Mistakes sellers make stem from their impatience. Once goals or problems are shared, many sellers immediately try to rescue buyers by telling them the solution, a phenomenon I call “premature elaboration.” Sellers are well intentioned but there are two (2) problems in jumping to the rescue:

  1. Sellers are shooting blind because they have no way of knowing if their generic “solution” will address a buyer’s needs.
  2. Buyers aren’t ready to be rescued until they and the seller calling on them understand the shortcomings of how things are done without the offering being discussed.

Taking a step back, if buyers knew why desired business outcomes couldn’t be achieved they would try to address them without help from salespeople. The “hurt” amounts to asking questions to help buyers understand what’s broken in the way they currently operate. One further caveat: Sellers should uncover areas that are broken that can be addressed by capabilities within their offerings.

Having the patience to ask relevant diagnostic questions allows sellers to: 

  1. Understand the buyer’s situation before discussing their offerings.
  2. Share only those capabilities that address barriers to achieving the desired outcome so that they share specific rather than generic solutions.
  3. Help buyers quantify the potential value of achieving the goal being discussed by finding out how much problems cost buyers that are uncovered.

Being patient can be especially difficult for experienced sellers.
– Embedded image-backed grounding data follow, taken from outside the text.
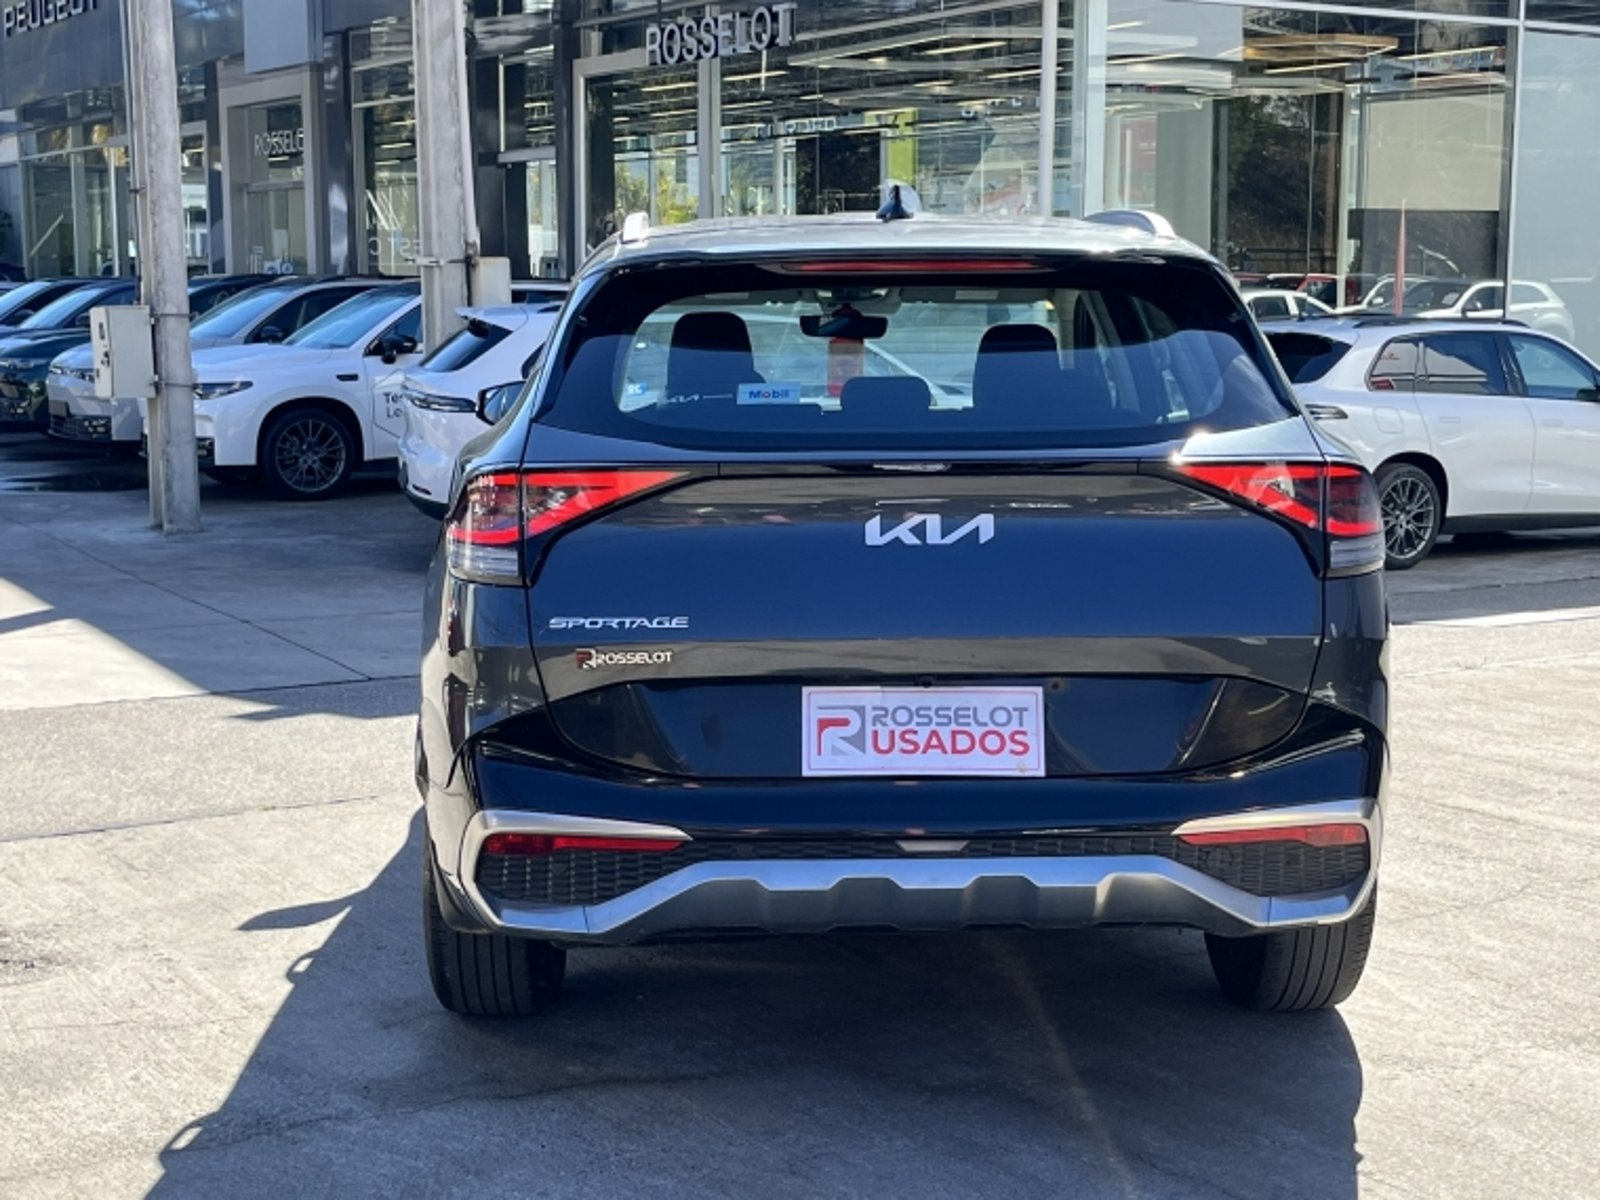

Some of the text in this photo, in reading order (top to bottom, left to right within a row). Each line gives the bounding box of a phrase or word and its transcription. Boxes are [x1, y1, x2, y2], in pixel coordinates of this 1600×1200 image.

[646, 3, 797, 65] ROSSELOT
[749, 389, 790, 399] Mobil
[865, 513, 995, 546] KIA
[549, 616, 689, 629] SPORTAGE
[596, 651, 672, 665] ROSSELOT
[871, 706, 1029, 727] ROSSELOT
[871, 729, 1031, 756] USADOS
They’ve had these conversations several times before and therefore see “solutions” long before buyers do. Understanding it’s the first time through for buyers can allow sellers to do thorough diagnoses (hurts) before earning the right to present solutions (rescues). Buyers want to know how things are broken, the specific capabilities they need to address them and the value of fixing them. 

Ben Franklin said:  People are best convinced by reasons they themselves discover. As it relates to selling I think Bob Populorum would agree to tack onto Franklin’s phrase: by answering relevant questions posed by patient salespeople.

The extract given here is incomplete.